Some positions are completely conserved. They show the same state across all sequences. While such positions may be biologically important, they do not help distinguish between alternative evolutionary histories.

Other positions vary, but in ways that do not provide clear structure. For example, if every sequence has a different nucleotide at a given position, the resulting pattern may not help resolve relationships.

The most useful characters are those that exhibit structured variation. They allow us to group sequences based on shared states that can be interpreted as inherited from a common ancestor.

This leads to an important practical consideration. In real analyses, alignments are often filtered. Regions that contain too many gaps or too little informative variation may be removed, because they contribute noise rather than signal.

Box 7.1 — Informative vs. Non-Informative Positions

Consider the following alignment columns:

[ \begin{array}{c|cccc} & A & B & C & D
\hline \text{Column 1} & A & A & A & A
\text{Column 2} & A & G & C & T
\text{Column 3} & A & A & G & G
\end{array} ]

Column 1 is completely conserved. It provides no information about relationships.

Column 2 shows variation, but each taxon has a different state. This pattern does not clearly support any grouping.

Column 3 shows a structured pattern: taxa ( A ) and ( B ) share one state, while ( C ) and ( D ) share another. This provides evidence for grouping these taxa.

This illustrates a key idea:

Only certain patterns of variation are informative for phylogenetic reconstruction

Homology and Homoplasy

Interpreting characters requires distinguishing between two fundamentally different sources of similarity.

Homology refers to similarity due to shared ancestry. If two sequences share a state because they inherited it from a common ancestor, this similarity reflects evolutionary relatedness.

Homoplasy, in contrast, refers to similarity that arises independently. This can occur through convergent evolution, parallel mutations, or reversals.

For example, the same nucleotide may appear in two sequences not because it was inherited, but because similar mutations occurred independently.
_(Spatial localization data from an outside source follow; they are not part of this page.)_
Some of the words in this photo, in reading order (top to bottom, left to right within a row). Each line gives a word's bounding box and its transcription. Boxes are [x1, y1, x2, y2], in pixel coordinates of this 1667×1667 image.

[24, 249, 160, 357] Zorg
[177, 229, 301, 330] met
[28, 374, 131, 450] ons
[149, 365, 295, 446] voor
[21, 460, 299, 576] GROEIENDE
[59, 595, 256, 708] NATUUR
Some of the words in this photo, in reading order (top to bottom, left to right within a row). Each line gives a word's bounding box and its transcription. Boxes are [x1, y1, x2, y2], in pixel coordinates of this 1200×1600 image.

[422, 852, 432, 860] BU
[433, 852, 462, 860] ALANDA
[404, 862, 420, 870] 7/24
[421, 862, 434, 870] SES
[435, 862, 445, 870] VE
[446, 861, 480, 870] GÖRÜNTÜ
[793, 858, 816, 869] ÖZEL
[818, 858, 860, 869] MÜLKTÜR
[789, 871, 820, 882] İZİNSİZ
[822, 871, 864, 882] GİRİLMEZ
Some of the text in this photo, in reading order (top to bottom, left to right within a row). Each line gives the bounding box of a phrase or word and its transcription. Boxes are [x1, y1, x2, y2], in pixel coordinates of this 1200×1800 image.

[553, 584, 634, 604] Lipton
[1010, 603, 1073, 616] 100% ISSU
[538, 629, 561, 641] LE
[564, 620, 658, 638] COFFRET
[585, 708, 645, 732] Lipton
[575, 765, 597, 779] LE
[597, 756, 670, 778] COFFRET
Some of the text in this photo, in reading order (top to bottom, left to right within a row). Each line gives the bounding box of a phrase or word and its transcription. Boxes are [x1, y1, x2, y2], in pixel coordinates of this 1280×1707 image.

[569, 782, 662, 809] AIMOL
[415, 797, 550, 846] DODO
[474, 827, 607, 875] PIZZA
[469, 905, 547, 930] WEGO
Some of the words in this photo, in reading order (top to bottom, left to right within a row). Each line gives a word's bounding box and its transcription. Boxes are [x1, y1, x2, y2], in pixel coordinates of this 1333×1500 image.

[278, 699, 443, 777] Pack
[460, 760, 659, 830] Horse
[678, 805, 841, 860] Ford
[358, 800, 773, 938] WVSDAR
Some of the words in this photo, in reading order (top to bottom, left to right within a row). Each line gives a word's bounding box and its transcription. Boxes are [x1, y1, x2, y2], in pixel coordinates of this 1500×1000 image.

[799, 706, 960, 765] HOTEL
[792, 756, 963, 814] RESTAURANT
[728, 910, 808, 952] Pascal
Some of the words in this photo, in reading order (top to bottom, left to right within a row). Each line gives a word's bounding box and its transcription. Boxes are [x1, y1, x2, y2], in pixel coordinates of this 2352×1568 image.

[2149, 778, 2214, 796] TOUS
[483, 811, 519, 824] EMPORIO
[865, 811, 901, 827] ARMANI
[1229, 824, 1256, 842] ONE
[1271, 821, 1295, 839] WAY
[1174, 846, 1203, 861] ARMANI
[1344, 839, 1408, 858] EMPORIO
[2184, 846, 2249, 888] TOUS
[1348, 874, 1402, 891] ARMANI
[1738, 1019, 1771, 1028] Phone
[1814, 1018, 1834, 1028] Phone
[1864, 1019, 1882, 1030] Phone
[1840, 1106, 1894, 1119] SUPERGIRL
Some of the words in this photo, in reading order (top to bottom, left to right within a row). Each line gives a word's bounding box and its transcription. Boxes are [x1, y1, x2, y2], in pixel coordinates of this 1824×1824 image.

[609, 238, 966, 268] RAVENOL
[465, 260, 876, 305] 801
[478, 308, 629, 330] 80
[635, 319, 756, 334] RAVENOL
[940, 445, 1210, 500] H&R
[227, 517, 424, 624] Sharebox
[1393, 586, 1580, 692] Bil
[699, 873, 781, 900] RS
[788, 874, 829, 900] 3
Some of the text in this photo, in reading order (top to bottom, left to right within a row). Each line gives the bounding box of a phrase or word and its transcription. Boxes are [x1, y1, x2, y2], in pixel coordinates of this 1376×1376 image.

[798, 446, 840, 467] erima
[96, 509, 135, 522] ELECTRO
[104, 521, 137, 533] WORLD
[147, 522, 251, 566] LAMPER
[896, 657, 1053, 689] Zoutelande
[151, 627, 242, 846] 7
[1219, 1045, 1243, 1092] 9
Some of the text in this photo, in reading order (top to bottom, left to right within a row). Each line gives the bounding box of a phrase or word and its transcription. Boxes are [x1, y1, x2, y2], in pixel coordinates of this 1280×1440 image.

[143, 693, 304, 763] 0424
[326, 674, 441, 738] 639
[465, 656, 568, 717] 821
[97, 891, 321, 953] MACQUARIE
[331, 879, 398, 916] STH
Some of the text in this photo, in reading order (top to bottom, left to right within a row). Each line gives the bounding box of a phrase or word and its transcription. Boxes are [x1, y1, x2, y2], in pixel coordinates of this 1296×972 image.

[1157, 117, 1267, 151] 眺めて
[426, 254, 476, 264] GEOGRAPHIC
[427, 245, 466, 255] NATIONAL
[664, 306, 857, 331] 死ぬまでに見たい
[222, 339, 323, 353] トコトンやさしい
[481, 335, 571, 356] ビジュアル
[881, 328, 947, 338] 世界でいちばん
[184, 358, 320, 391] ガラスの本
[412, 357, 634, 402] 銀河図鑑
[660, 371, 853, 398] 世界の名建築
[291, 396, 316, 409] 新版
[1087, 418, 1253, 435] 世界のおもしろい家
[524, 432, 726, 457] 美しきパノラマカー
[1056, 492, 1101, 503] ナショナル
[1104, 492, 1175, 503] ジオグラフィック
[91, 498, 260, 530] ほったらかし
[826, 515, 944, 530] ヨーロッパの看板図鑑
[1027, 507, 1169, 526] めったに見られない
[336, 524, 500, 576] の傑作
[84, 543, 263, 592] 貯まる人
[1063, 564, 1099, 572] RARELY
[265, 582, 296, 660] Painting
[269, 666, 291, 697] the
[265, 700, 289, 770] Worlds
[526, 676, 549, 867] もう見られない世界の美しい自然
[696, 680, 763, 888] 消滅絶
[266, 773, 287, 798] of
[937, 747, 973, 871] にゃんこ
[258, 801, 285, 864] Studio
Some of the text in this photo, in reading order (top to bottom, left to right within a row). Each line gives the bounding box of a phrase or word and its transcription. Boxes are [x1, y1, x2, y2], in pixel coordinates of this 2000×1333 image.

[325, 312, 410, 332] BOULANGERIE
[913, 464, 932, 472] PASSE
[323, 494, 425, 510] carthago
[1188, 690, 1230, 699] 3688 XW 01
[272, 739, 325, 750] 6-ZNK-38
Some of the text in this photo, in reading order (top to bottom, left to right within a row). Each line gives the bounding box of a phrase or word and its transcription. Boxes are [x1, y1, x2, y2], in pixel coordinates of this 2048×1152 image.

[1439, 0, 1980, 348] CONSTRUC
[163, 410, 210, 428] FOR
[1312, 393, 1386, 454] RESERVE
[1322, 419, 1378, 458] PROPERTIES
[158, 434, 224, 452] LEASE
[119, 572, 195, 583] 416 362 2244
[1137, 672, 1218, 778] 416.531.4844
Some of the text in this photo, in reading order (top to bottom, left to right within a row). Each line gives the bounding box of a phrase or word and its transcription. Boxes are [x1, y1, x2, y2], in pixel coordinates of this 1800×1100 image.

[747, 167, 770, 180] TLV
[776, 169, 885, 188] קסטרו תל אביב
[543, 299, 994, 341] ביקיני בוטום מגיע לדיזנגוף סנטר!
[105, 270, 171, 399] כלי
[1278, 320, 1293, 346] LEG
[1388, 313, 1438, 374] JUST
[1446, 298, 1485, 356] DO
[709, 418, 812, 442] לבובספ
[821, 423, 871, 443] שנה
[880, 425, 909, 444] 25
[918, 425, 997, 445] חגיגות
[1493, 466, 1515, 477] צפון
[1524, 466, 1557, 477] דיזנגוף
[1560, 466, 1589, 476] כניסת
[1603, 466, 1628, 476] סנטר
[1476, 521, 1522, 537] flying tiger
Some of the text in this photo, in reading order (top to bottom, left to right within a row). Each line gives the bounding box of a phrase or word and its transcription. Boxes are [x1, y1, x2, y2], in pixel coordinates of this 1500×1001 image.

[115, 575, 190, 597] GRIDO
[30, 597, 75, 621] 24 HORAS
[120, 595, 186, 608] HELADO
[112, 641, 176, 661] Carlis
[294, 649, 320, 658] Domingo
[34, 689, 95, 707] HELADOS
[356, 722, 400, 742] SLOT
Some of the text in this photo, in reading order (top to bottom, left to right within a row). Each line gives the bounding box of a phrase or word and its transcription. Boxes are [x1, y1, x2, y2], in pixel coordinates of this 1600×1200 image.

Alternatively, a mutation may occur and later be reversed, masking earlier changes.

This distinction is central to phylogenetics. Our goal is to reconstruct relationships based on homology, but the data may contain homoplasy that obscures these relationships.

Characters as Traces of Evolutionary Events

Each character can be interpreted as evidence of one or more evolutionary events.

When two sequences differ at a position, we infer that at least one substitution has occurred. When they share a state, we may infer that no change has occurred, although this inference can be misleading, as multiple changes may cancel each other out.

This leads to a key conceptual shift. We are no longer simply comparing sequences. We are interpreting differences and similarities as traces of an underlying process.

The alignment becomes a record of evolutionary signals, albeit an imperfect one.

From Data to Models

At this stage, we have transformed sequences into a set of characters, each representing an observation of evolutionary variation.

The next step is to construct a model that explains these observations. Different phylogenetic methods do this in different ways:

some summarize characters into distances
others count evolutionary changes
others assign probabilities to different evolutionary scenarios

All of these approaches begin from the same starting point: characters derived from sequence data.

Conceptual Summary

Phylogenetic reconstruction is grounded in the comparison of characters across taxa. In molecular phylogenetics, multiple sequence alignments provide these characters in a structured form.

Not all characters are equally informative, and interpreting them requires distinguishing between homology and homoplasy. By treating characters as traces of evolutionary events, we can begin to construct models that explain how observed sequences arose.

Self-Check Questions

What is a character in phylogenetic analysis?
How does a multiple sequence alignment define characters?
Why are some alignment positions more informative than others?
What is the difference between homology and homoplasy?
Why can identical characters sometimes be misleading?
Why are alignments often filtered before phylogenetic analysis?